WHAT THE TASK ASKS:
Please restate the records below word for word, leaving out every picture.

Text-to-region grounding data:
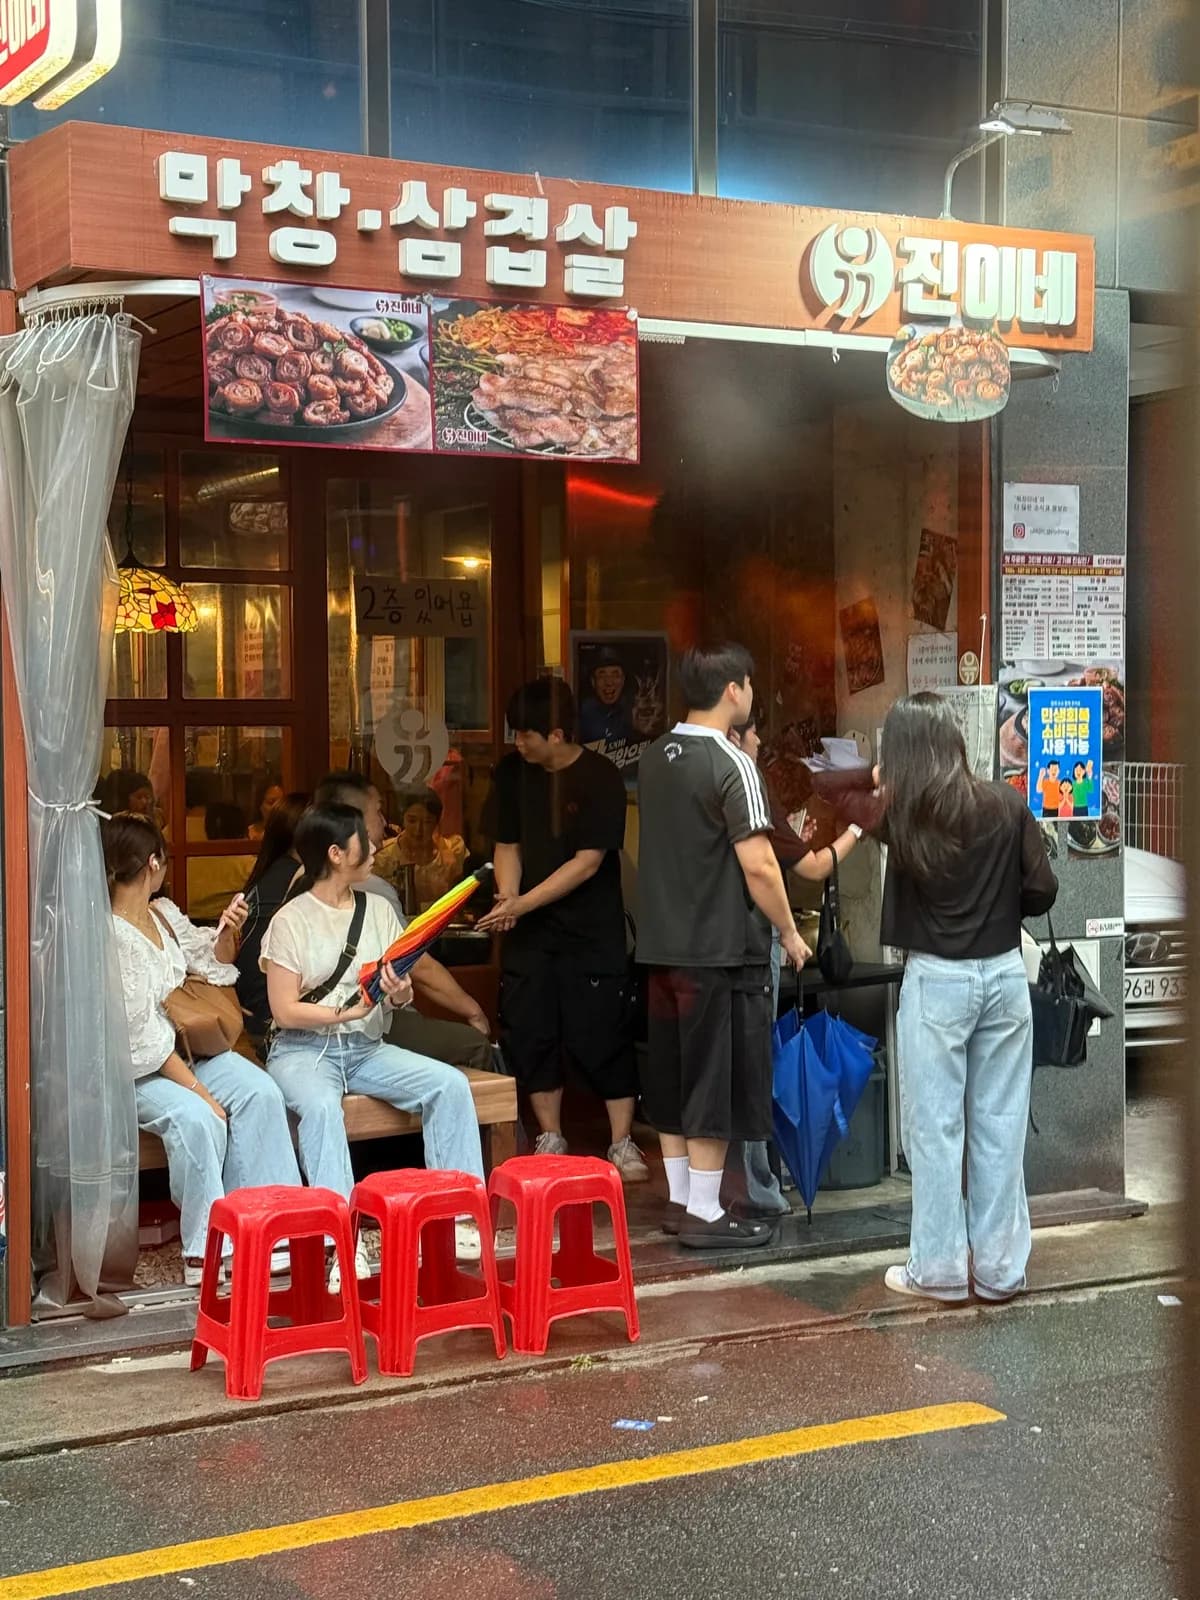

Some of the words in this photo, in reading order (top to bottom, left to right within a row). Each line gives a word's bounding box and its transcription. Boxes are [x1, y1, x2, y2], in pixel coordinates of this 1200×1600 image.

[899, 236, 1078, 327] 진이네
[390, 299, 423, 315] 진이네
[457, 429, 488, 444] 진이네
[361, 584, 406, 624] 2층
[414, 583, 477, 628] 있어욥
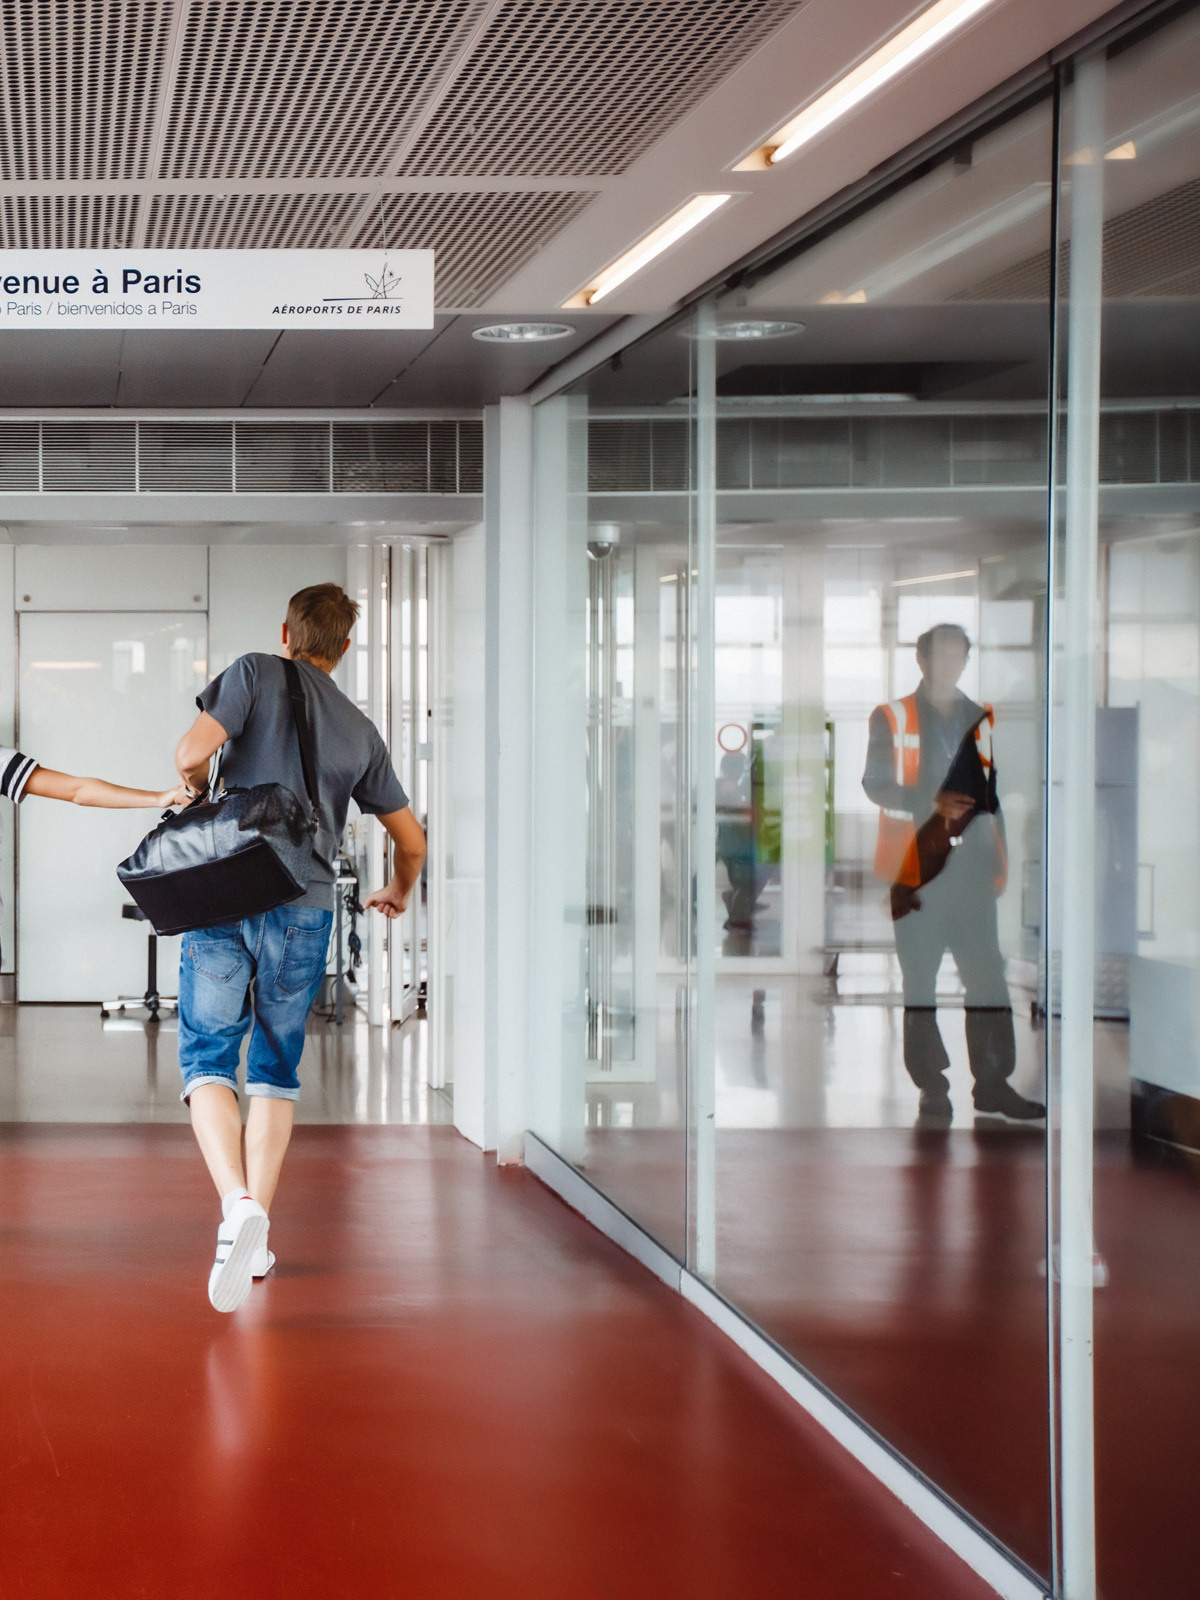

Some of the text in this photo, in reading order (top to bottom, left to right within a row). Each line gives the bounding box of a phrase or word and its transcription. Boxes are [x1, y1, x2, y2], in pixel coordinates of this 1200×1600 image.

[92, 268, 109, 294] à
[122, 268, 202, 294] Paris
[7, 302, 42, 315] Paris
[46, 302, 53, 316] /
[57, 301, 143, 315] bienvenidos
[148, 304, 158, 315] a
[162, 301, 198, 315] Paris
[272, 303, 401, 314] AÉROPORTS DE PARIS

YOUR RESPONSE:
Some of the words in this photo, in reading order (top to bottom, left to right within a row). Each line gives a word's bounding box and its transcription. Boxes are [x1, y1, x2, y2], in pixel coordinates of this 1200×1600 image.

[899, 236, 1078, 327] 진이네
[390, 299, 423, 315] 진이네
[457, 429, 488, 444] 진이네
[361, 584, 406, 624] 2층
[414, 583, 477, 628] 있어욥

Some of the text in this photo, in reading order (top to bottom, left to right within a row). Each line gives the bounding box of a phrase or word and its transcription. Boxes are [x1, y1, x2, y2], in pixel coordinates of this 1200×1600 image.

[92, 268, 109, 294] à
[122, 268, 202, 294] Paris
[7, 302, 42, 315] Paris
[46, 302, 53, 316] /
[57, 301, 143, 315] bienvenidos
[148, 304, 158, 315] a
[162, 301, 198, 315] Paris
[272, 303, 401, 314] AÉROPORTS DE PARIS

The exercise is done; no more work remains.